Fear of a catastrophic DDoS attack was supposed to be motivation enough for network teams to add capacity to their DNS infrastructure and prioritize resilient, redundant system architectures. Those are justified fears - DDoS attacks continue to rise, posing a significant threat to websites everywhere.

Yet, the steady stream of network outages from legitimate traffic shows that many key websites don’t have the strategic depth they need. If a site can’t handle an expected increase in regular visitors, how can we expect it to handle an unexpected attack from bots and malicious actors?

How much capacity is enough?

Of course, there’s a flip side to this argument that deserves consideration. How much capacity is enough? Or, more to the point, how much idle capacity is worth paying for? It’s all well and good to say, “Company X should have known better,” but the network team at company X also has to justify the budget for resilient capabilities they may never use.

It all comes down to risk tolerance. Plenty of enterprises have made the decision that they would rather risk a catastrophic downtime event than pay for resilient, redundant capacity.

In an ideal world, these decisions would be guided by data. According to a recent EMA study, each minute of downtime costs an average of $12,000 - that’s an hourly rate of over $720,000. Per the Uptime Institute, over 60% of outages cost more than $100,000 in 2022 - a 40% increase over just two years ago.

Unfortunately, the decision to invest in resilient capacity is rarely made after a concrete, strategic, pros-versus-cons discussion. It’s usually made by default when IT investment priorities are set. Resilience is rarely sexy. It’s easy to cut when other urgent operational priorities are right in front of you.

The blast radius of a downtime event is rarely considered when risk tolerance decisions are made by default. IT managers and finance people are usually the ones cutting resilience or capacity budgets, but a large-scale downtime incident impacts other departments disproportionately. From marketing and PR to senior leaders and operations managers, a lot of people can get called on the carpet when something goes wrong.

The value of resilient DNS

It’s tempting to think of resilient or redundant systems as something that’s only put to use when absolutely necessary - that they’re just chewing up money until an incident happens. But in the case of DNS, that usually isn’t the case.

Secondary DNS systems are often put into active service right alongside a primary provider. Whether it’s load balancing, geographical distribution, or taking advantage of traffic steering functionality, there are plenty of reasons to split DNS traffic between two (or more!) providers. Having more than one active DNS system is about more than just resilience - it’s also about using “best of breed” features that may differ from vendor to vendor.
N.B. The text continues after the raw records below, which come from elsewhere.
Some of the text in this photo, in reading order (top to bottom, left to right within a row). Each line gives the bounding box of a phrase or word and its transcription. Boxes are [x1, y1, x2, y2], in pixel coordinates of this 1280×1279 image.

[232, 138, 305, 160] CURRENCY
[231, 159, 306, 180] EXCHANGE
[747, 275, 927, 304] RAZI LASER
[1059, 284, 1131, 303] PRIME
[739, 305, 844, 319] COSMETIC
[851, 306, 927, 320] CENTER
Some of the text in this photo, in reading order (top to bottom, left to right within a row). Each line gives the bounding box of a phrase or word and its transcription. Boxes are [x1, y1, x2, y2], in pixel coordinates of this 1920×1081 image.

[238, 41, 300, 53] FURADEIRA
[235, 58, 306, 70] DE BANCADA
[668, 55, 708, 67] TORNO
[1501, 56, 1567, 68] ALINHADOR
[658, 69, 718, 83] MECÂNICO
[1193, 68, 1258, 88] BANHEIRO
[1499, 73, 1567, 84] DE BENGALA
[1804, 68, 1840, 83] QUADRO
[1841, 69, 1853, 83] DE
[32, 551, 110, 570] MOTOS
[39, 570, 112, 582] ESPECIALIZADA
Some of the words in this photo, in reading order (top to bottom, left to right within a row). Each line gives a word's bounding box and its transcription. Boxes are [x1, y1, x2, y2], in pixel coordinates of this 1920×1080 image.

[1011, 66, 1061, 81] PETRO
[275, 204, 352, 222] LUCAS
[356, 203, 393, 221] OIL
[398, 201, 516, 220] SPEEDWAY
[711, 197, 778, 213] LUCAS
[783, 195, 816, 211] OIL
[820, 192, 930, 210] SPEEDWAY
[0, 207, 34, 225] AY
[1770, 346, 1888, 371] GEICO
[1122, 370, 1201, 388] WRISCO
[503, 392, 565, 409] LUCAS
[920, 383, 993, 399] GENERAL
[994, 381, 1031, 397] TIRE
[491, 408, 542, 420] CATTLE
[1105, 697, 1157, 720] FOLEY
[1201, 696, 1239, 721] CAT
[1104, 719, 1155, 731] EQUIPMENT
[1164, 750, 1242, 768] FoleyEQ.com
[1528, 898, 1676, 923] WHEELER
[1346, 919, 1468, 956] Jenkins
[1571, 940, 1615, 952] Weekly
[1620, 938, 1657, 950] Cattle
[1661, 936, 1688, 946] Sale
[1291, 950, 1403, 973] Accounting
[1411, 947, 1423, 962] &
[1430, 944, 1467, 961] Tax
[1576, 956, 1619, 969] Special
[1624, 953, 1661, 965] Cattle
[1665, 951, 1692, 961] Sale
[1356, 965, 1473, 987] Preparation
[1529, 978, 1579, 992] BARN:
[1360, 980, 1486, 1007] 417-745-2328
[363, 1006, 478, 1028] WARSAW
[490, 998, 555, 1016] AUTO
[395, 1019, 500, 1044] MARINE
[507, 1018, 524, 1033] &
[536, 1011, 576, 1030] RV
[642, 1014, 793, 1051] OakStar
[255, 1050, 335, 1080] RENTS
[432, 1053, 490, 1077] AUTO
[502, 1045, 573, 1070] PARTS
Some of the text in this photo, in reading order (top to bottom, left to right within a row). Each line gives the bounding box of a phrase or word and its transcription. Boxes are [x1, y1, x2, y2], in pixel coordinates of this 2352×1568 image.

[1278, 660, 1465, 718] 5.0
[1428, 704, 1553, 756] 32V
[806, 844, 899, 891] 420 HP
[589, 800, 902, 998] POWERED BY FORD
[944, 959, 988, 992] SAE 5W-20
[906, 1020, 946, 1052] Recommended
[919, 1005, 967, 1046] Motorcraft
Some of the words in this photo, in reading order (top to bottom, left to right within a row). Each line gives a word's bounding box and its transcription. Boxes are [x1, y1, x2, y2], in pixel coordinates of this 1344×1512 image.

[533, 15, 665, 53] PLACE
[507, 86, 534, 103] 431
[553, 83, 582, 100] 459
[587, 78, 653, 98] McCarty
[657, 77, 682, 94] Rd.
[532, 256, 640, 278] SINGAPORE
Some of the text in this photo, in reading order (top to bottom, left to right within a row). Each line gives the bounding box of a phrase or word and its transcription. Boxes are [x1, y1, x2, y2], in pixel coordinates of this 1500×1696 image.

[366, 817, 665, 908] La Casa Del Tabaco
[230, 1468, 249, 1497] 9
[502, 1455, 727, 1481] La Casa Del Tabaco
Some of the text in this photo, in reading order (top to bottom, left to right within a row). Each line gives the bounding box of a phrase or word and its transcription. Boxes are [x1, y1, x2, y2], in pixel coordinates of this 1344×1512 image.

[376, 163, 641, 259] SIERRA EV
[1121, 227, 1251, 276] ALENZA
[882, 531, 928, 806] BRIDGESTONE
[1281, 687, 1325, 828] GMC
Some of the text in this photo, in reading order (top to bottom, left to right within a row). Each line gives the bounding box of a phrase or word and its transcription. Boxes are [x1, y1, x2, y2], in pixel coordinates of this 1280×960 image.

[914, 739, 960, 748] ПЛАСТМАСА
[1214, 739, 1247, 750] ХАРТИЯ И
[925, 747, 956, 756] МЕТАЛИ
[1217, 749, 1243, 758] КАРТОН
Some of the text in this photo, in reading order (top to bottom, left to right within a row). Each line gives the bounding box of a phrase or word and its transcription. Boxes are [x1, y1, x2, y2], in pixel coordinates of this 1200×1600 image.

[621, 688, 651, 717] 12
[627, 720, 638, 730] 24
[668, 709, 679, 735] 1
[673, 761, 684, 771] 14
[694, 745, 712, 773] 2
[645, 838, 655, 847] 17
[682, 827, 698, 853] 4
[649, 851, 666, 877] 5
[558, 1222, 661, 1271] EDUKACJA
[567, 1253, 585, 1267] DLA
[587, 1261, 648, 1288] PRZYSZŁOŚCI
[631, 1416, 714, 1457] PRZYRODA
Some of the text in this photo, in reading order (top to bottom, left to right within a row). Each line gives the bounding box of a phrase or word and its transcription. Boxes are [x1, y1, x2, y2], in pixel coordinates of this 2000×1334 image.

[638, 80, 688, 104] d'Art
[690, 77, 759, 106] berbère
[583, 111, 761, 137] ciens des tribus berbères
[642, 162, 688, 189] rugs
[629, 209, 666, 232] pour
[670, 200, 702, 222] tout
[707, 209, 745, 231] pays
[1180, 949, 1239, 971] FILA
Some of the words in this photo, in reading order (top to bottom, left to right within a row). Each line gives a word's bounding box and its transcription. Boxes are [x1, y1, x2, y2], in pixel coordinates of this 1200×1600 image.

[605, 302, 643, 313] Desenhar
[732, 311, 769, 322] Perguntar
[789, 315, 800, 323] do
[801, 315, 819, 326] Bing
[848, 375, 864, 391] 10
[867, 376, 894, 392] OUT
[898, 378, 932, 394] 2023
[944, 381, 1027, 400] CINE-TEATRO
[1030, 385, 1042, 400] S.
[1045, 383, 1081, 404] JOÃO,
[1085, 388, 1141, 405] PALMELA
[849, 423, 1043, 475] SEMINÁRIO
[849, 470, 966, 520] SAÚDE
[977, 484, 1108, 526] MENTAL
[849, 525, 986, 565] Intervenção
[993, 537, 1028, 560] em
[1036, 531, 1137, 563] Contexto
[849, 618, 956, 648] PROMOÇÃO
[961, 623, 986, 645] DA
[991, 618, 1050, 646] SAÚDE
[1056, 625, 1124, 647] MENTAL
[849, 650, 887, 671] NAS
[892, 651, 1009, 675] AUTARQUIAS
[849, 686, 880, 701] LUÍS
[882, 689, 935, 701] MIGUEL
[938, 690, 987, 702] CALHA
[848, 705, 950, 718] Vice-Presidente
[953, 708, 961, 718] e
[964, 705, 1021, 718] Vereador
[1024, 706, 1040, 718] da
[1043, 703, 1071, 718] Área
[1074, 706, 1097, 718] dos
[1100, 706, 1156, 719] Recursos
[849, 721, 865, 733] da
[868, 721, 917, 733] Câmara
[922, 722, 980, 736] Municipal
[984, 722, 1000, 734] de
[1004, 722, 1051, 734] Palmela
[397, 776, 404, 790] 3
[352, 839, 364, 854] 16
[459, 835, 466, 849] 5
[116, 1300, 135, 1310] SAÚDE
On the financial side of the equation, with today’s cloud-based, pay-as-you-go sales models (like the one NS1 uses) you’re never paying for truly idle capacity. If a large-scale event happens, you leverage the enormous depth and pooled resources of a large vendor without having to purchase those resources yourself. You’ll end up paying to service all those inbound requests, but at least your system won’t crash. It’ll continue answering queries (and generating revenue), so you can weather the storm.

No excuses

There really aren’t any excuses left for DNS-related downtime. Whether it’s a DDoS attack or a spike in legitimate traffic, every network and IT team should be prepared for unusual activity. It’s not a question of if but when. History shows us time and again that spikes in traffic can come from many sources - both expected and unexpected.

When those traffic spikes come, what will you have to say? Will you be apologizing for your lack of capacity? Or will you simply be explaining how your resilient systems came out on top?